Démineurs est lent, ne se veut certainement pas monumental et encore moins film d'action. Déception pour certain, bonne surprise pour ceux qui comme moi en ont soupé du film de gue-guerre sans fond dans lesquelles les rafales font offices de scénario. Ici, la guerre est vécue au quotidien. Pas d'héroïsme lourdingue, pas de "je vais te sauver Jimmy", au contraire chaque jour ressemble au précédent, et l'équipe constitue en elle même un mélange aussi instable que les fameuses IED qu'ils désamorcent quotidiennement. Alors évidemment on peut se demander où est le scénario dans tout cela et si le côté documentaire sans rebondissement ne devient pas un peu lassant au bout d'un moment. La encore : non.
Parce que le miracle de Démineurs, c'est d'être un film de guerre qui parle des soldats. Eldridge, Sanborn et bien évidemment le Sergent James, voilà le scénario du film. Trois engagés aux caractères différents. Le plus jeune, obsédé par la peur de mourir mais qui cherche à compenser sa frousse chronique en se faisant passé pour un dur. Le sergent Sanborn, le soldat qui fait son boulot mais compte bien rentrer chez lui debout. Enfin la tête brûlée, celui qui à force de se mettre en danger tous les jours finit par ne plus vivre que grâce à cela, mais qui dans le même temps est littéralement bouffé par son humanité, comme le montre sa relation avec le jeune Irakien. Oui mesdames, messieurs, Démineurs est aussi un film psychologique, renouant avec l'héritage d'Apocalypse Now, le fleuve en moins. Et comme pour son illustre ancêtre, il est servi niveau casting. Renner d'abord, et surtout Renner, qui transforme la prestation en une leçon, en incarnant avec brio un personnage bien plus complexe que le drogué de l'adrénaline qu'on nous décrit souvent. Mackie ensuite, toujours juste et presque énervant de réserve. Et enfin Geraghty, incarnation à mon sens parfait, du jeune américain qui passée l'excitation de l'engagement, finit par comprendre qu'il à peut être signé son arrêt de mort en même temps que son contrat de soldat.

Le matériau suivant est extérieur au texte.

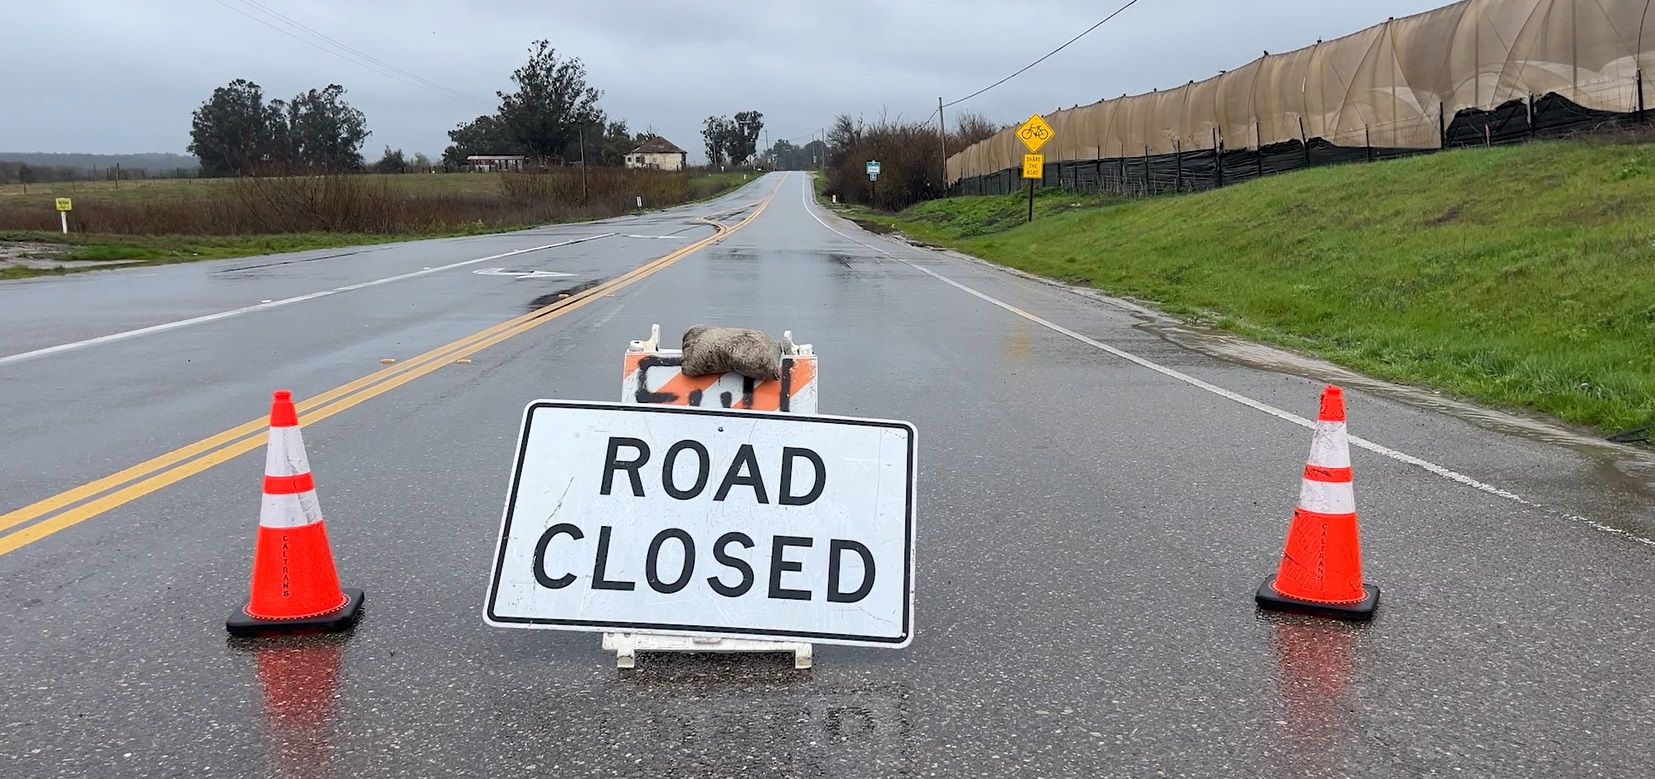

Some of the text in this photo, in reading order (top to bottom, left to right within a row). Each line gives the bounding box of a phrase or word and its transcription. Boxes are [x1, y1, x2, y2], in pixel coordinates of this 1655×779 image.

[600, 436, 826, 506] ROAD
[532, 523, 876, 603] CLOSED
[1317, 523, 1327, 581] CALTRANS

Bref, je voulais faire court mais je crois que c'est peine perdu pour ce film, tant il y a de choses à en dire quand on l'a apprécié. Pour ceux qui ne l'aurait pas vu, je le conseil vivement, en les prévenant tout de même que le voir est aussi violent que de se manger un pain en pleine gueule.
Subjectivement, un chef-d'oeuvre.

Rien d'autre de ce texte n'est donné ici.